明治20年(1897年)に何もないところに温泉が発見され、温泉町ができ旅館街が誕生。武庫川左岸に新温泉とパラダイス(水泳場)、歌劇場、右岸に宝塚ホテルや中洲楽園、ダンスホール、さらにウィルキンソンの炭酸水工場、別荘などがつくられた昭和16年(1941年)までの57年間を中心に、ユニークな発展の歴史を写真で紹介されました。

戦後はダム湖・ヘルスセンター、宝塚ファミリーランド(私と同じ1960年生まれ)ができてにぎわいますが、再開発と震災で古い伝統的な街並みは消失。「日本初」や「東洋一」の施設が点在した一角は高層マンション街へ。とどめが旧宝塚ホテルの解体でしょう。

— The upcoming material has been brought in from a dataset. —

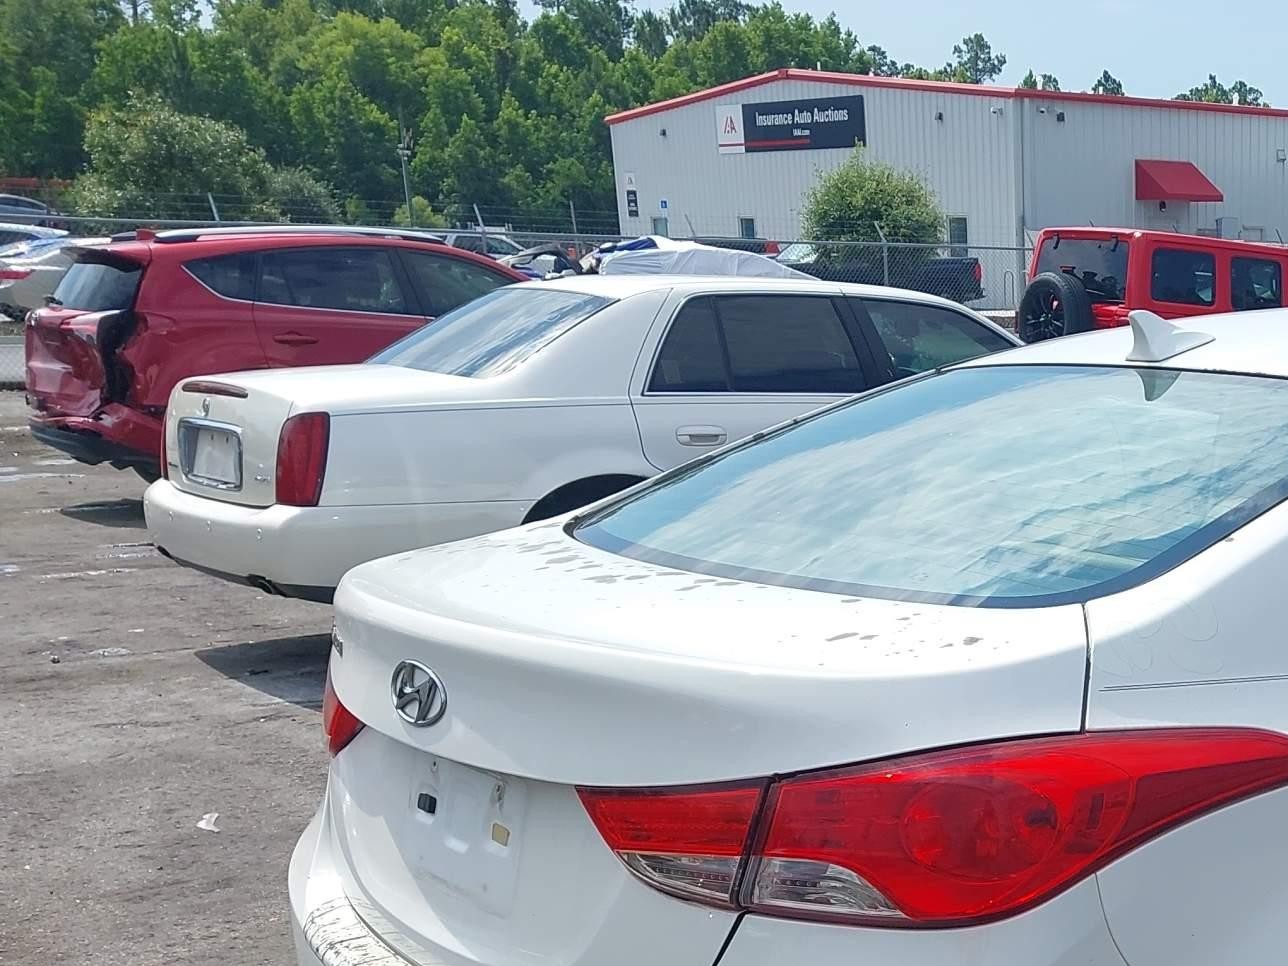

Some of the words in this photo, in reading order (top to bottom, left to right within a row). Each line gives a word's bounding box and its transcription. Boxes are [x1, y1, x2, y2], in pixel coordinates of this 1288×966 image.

[755, 111, 793, 126] Insurance
[794, 109, 812, 124] Auto
[813, 106, 849, 122] Auctions
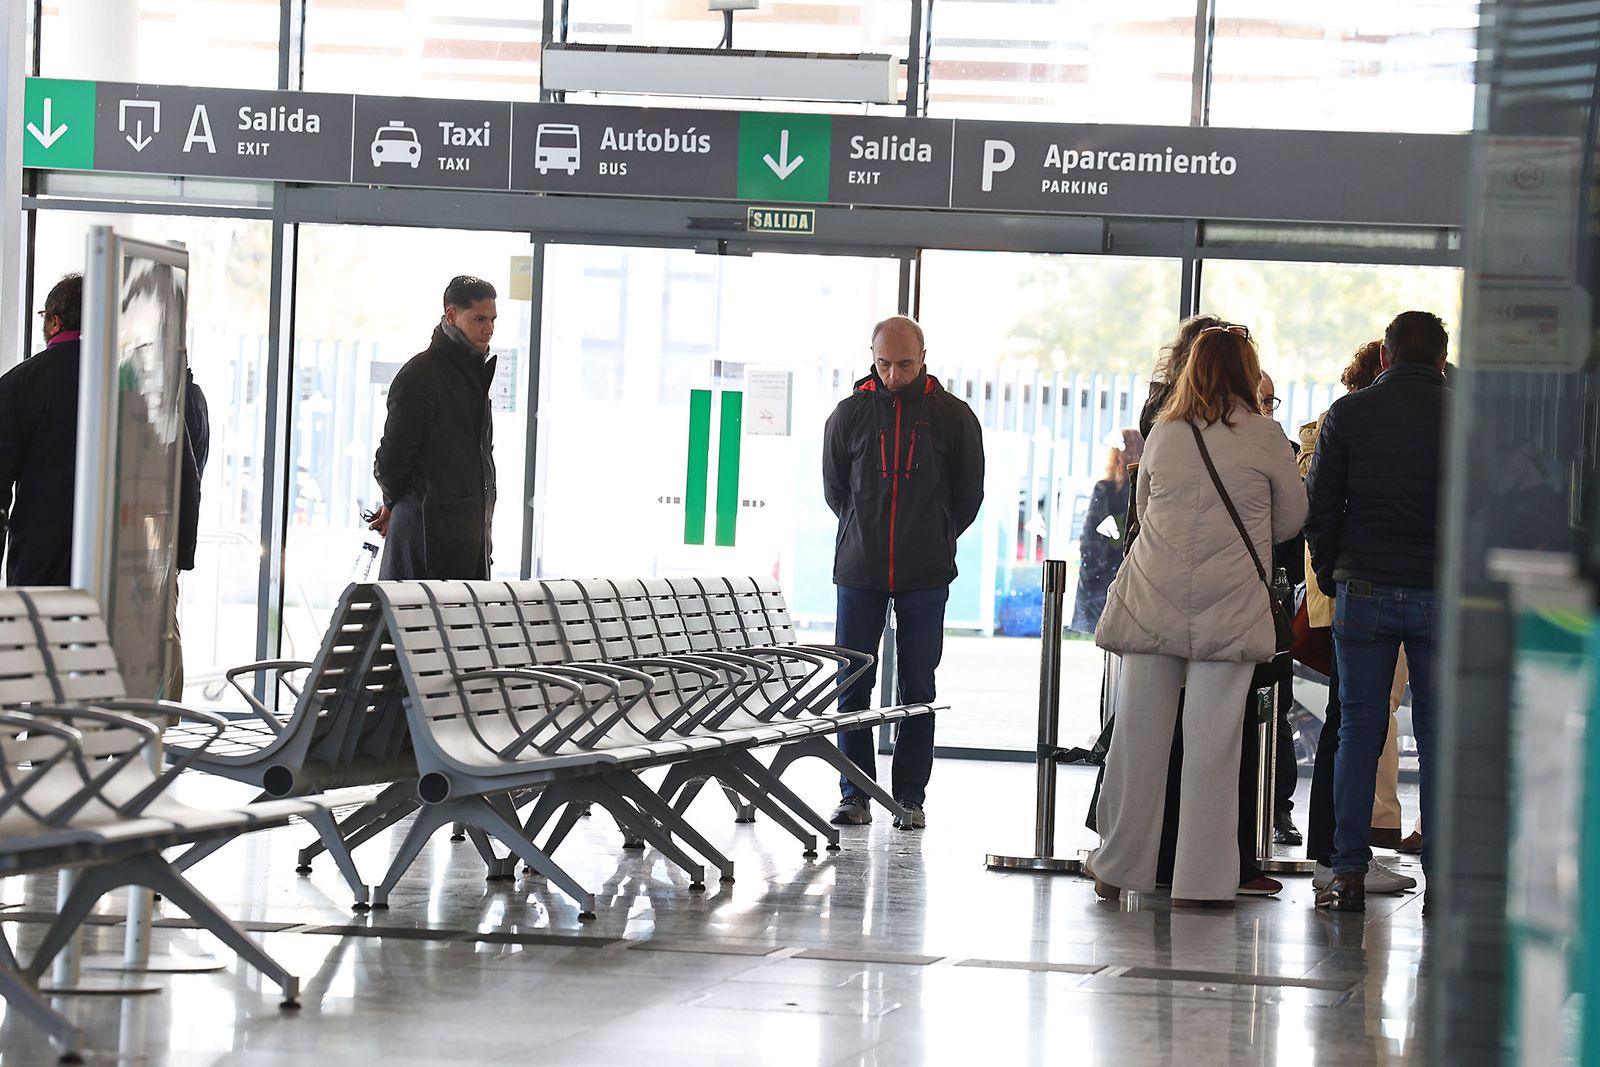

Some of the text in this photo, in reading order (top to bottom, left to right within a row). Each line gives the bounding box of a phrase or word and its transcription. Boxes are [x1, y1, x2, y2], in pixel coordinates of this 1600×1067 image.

135年目の今、「短い間にここまで様変わりしてしまった町はない」と川島先生。かつて「嵐山に匹敵する景観」が広がっていたことや、左岸を開発したのが小林一三、右岸は平塚嘉右衛門だったことも再認識しました。

後半は、宝塚の風景をつくった古塚正治、木子七郎、下田菊太郎、久保田繁亮、松本儀八、川崎忍、村野藤吾、レーモンドら8人の建築家について。大阪の石原ビルディングとご近所の石原別邸の話も興味深かったです。